▶ **WORK ITEM**:
Would you please restate the data exactly as it stands, apart from the pictures?
DATA START
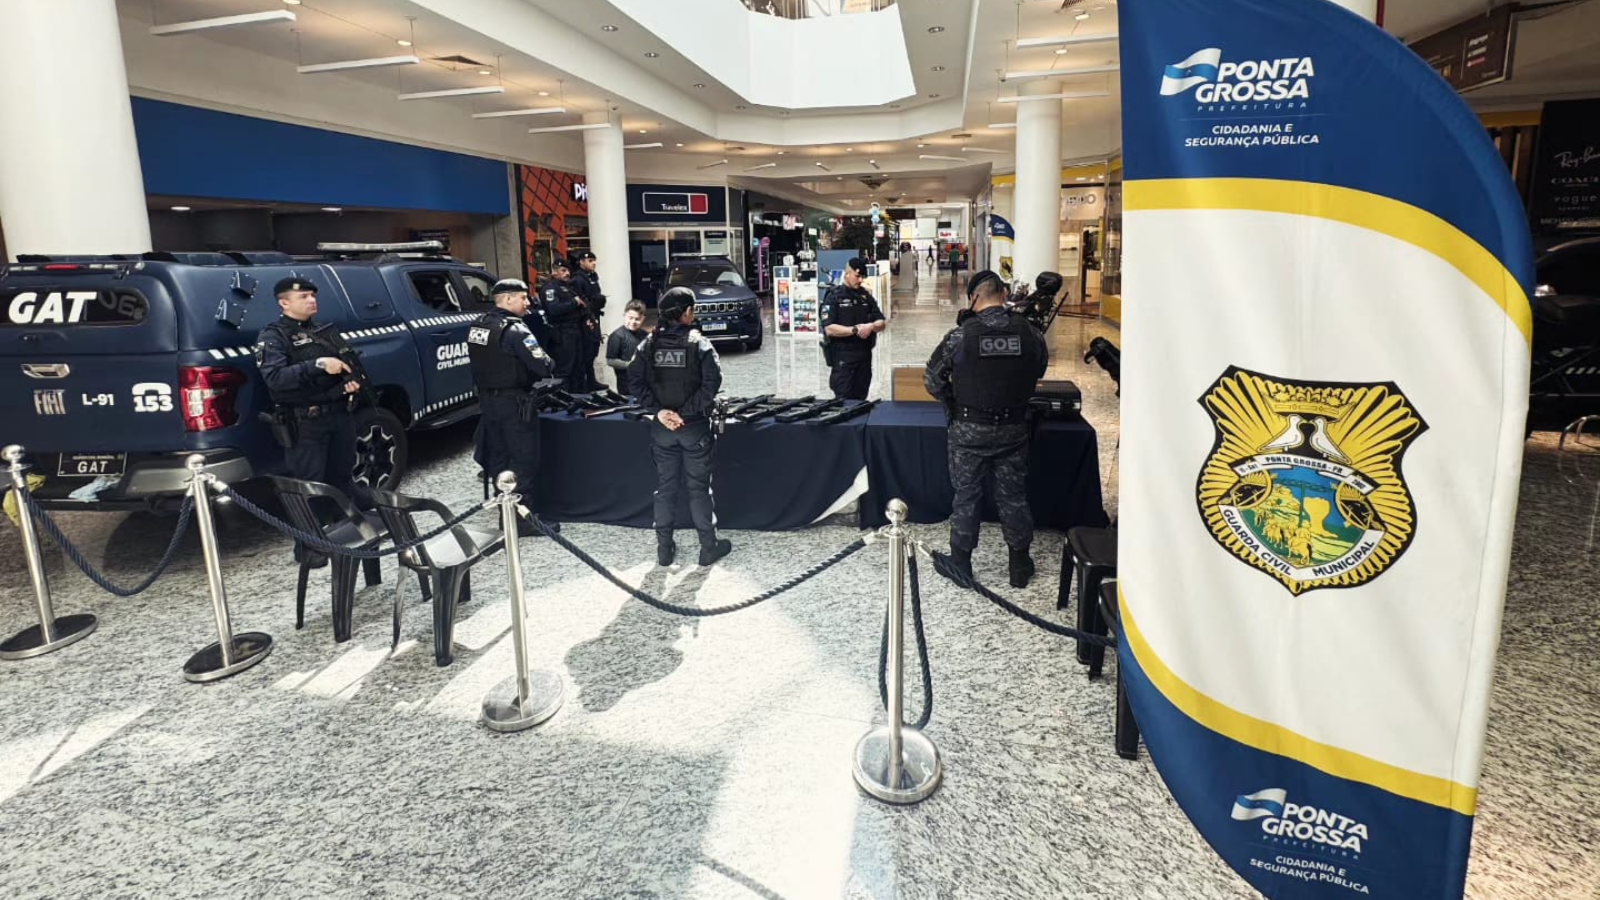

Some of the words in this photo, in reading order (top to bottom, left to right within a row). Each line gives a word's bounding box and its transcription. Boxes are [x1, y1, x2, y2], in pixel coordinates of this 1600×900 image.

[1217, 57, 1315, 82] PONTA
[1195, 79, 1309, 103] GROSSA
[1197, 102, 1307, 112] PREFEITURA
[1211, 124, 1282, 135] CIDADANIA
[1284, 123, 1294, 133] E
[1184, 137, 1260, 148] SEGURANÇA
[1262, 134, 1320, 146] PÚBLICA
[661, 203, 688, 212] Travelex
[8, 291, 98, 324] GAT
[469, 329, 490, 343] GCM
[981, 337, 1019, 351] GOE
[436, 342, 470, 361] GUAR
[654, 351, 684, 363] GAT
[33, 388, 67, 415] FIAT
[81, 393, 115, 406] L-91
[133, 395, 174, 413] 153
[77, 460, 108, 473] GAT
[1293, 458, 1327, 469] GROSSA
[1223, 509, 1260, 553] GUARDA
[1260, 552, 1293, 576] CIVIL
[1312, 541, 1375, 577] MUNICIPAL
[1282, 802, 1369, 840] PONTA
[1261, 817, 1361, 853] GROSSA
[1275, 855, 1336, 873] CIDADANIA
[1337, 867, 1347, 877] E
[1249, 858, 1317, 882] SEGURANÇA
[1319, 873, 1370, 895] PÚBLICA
DATA END
▶ **EXERCISE OUTPUT**:
Some of the words in this photo, in reading order (top to bottom, left to right within a row). Each line gives a word's bounding box and its transcription. Boxes are [x1, y1, x2, y2], in pixel coordinates of this 1600×900 image.

[1217, 57, 1315, 82] PONTA
[1195, 79, 1309, 103] GROSSA
[1197, 102, 1307, 112] PREFEITURA
[1211, 124, 1282, 135] CIDADANIA
[1284, 123, 1294, 133] E
[1184, 137, 1260, 148] SEGURANÇA
[1262, 134, 1320, 146] PÚBLICA
[661, 203, 688, 212] Travelex
[8, 291, 98, 324] GAT
[469, 329, 490, 343] GCM
[981, 337, 1019, 351] GOE
[436, 342, 470, 361] GUAR
[654, 351, 684, 363] GAT
[33, 388, 67, 415] FIAT
[81, 393, 115, 406] L-91
[133, 395, 174, 413] 153
[77, 460, 108, 473] GAT
[1293, 458, 1327, 469] GROSSA
[1223, 509, 1260, 553] GUARDA
[1260, 552, 1293, 576] CIVIL
[1312, 541, 1375, 577] MUNICIPAL
[1282, 802, 1369, 840] PONTA
[1261, 817, 1361, 853] GROSSA
[1275, 855, 1336, 873] CIDADANIA
[1337, 867, 1347, 877] E
[1249, 858, 1317, 882] SEGURANÇA
[1319, 873, 1370, 895] PÚBLICA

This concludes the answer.